Thirty.

The children kept coming in and out, of course, as they will. They genuinely don’t give a shit about what the adults in the room are up to until it gets in their way, at which point they’ll whine about it.

Theo was trying to get Charlie to go outside and play with him, which was causing the usual Gen-X parent cognitive dissonance: I want my kids to have the awesome free-range childhood I enjoyed and develop independence and grit, but I also want them to feel ‘seen’ by me, and not just benignly neglected. However, my fucking life is falling apart here and I might suddenly lose it and run around the kitchen stabbing appliances with a fork, so maybe now’s not the best time to play Frisbee.

“Now’s not the best time, Theo, sorry. I’m having a conversation with Michael.”

Theo shrugged and wandered outside, ending up on a swing, but not swinging. Charlie and Michael watched him go.

“So, he’s not taking it very well?” Michael kept his eyes on Theo, who had started swinging, but only to the extent of his own lower legs, back and forth.

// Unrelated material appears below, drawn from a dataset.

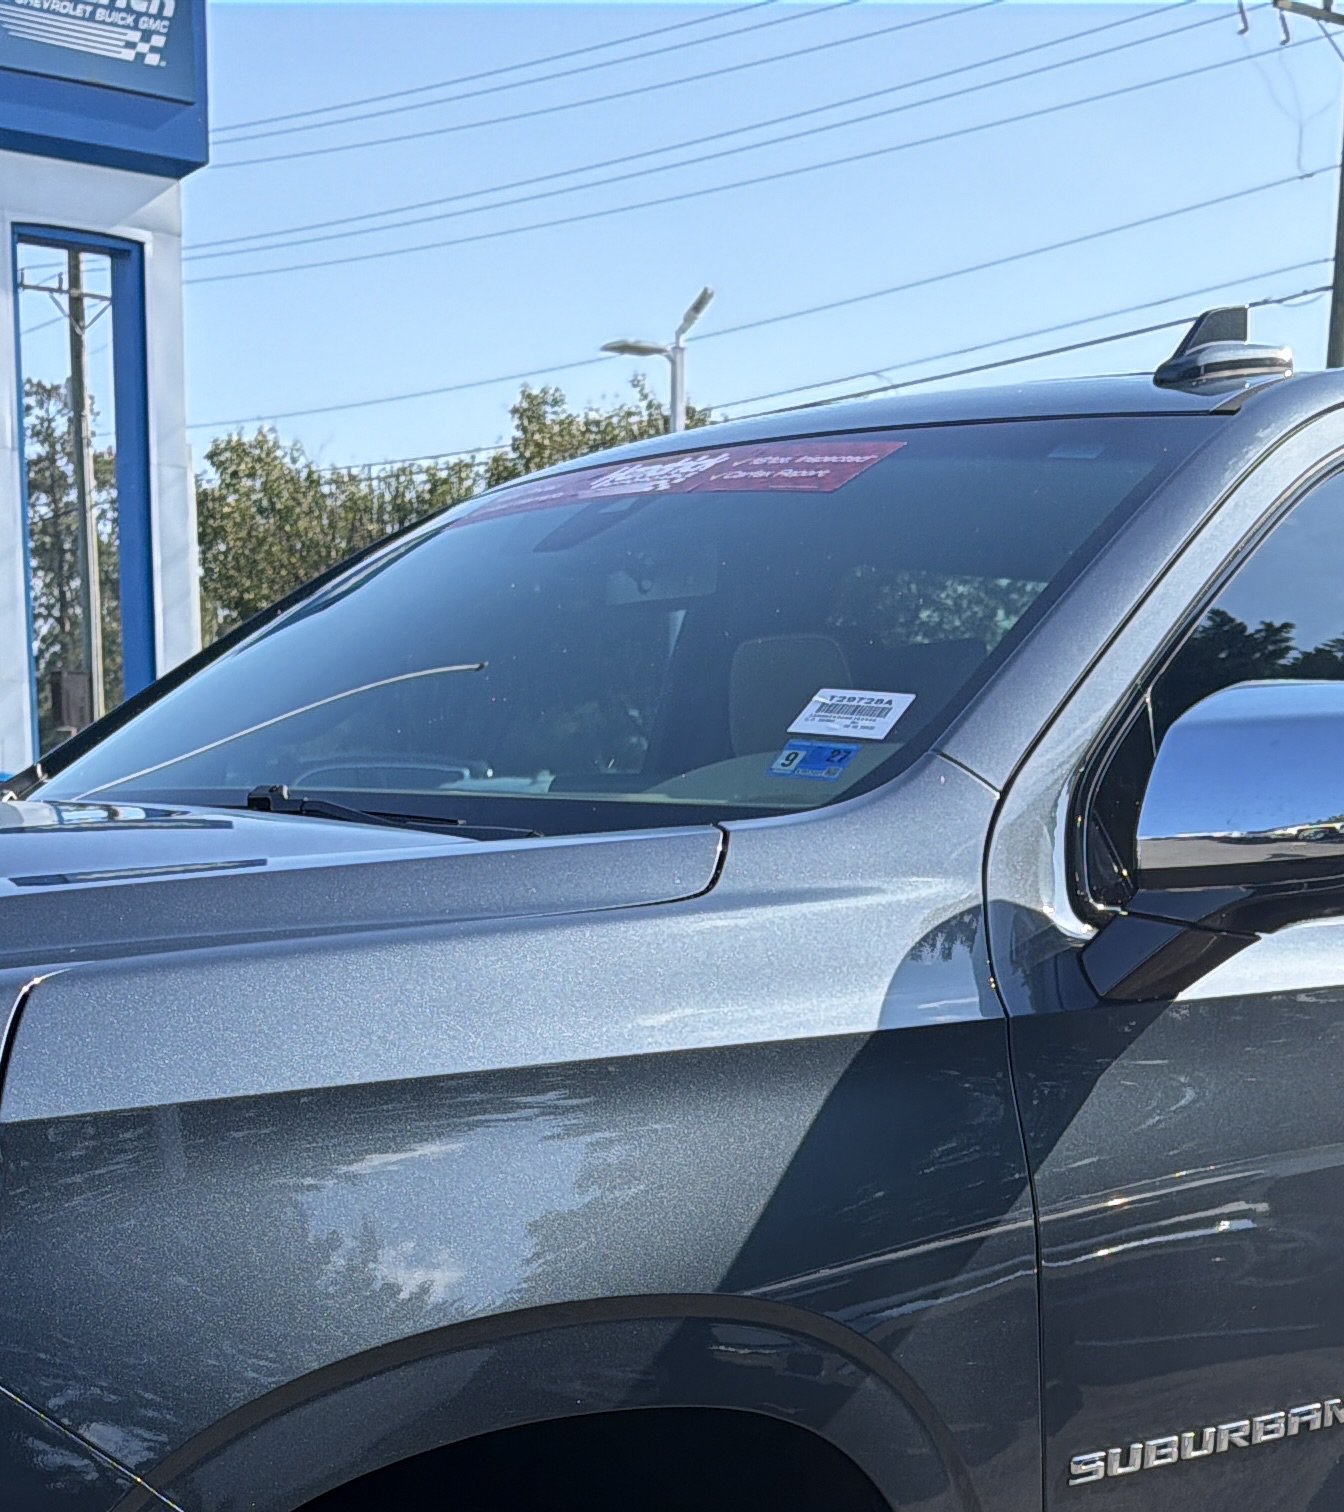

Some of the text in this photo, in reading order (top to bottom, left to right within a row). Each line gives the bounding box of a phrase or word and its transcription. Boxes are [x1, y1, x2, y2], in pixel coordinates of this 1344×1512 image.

[94, 8, 135, 27] BUICK
[138, 16, 171, 33] GMC
[780, 749, 852, 768] 9 27
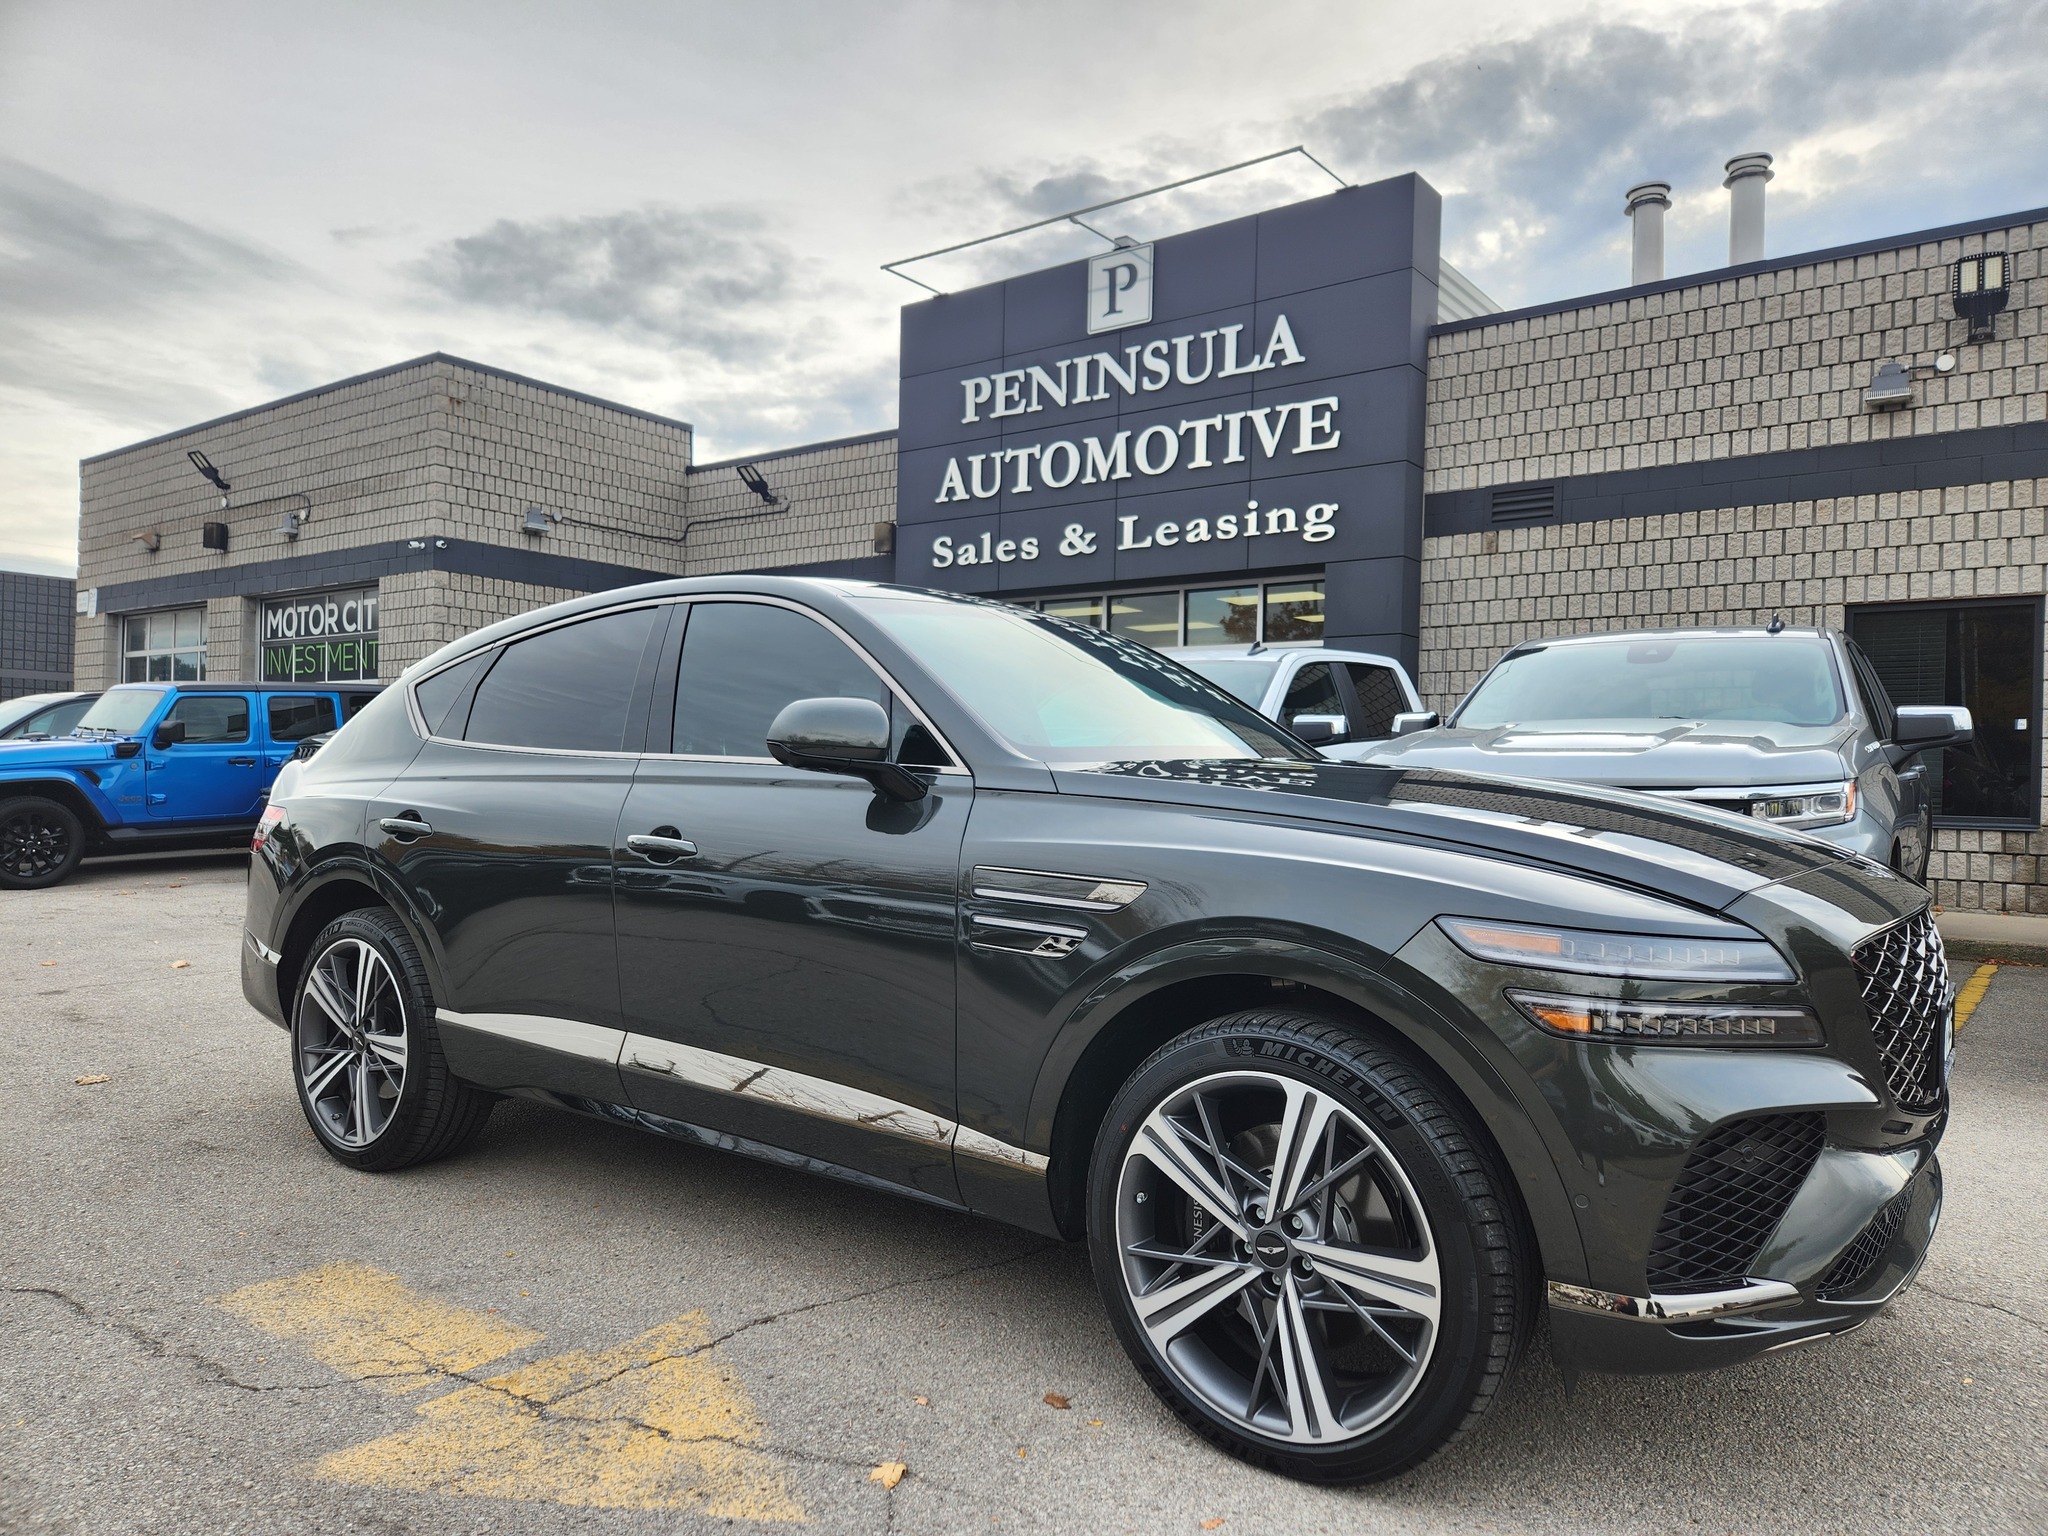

Charlie shrugged, an echo of his son. “I don’t think so. It’s been a fucking shit show, these last two weeks. If I didn’t despise Anne so much I’d be giving her a medal for all the crap she’s been taking care of without me. I had no idea how much mind-numbing, repetitive detail went into just keeping them alive. I’ve upped the cleaners to three times a week.”

Michael smiled a small smile. “Grocery run getting you down?”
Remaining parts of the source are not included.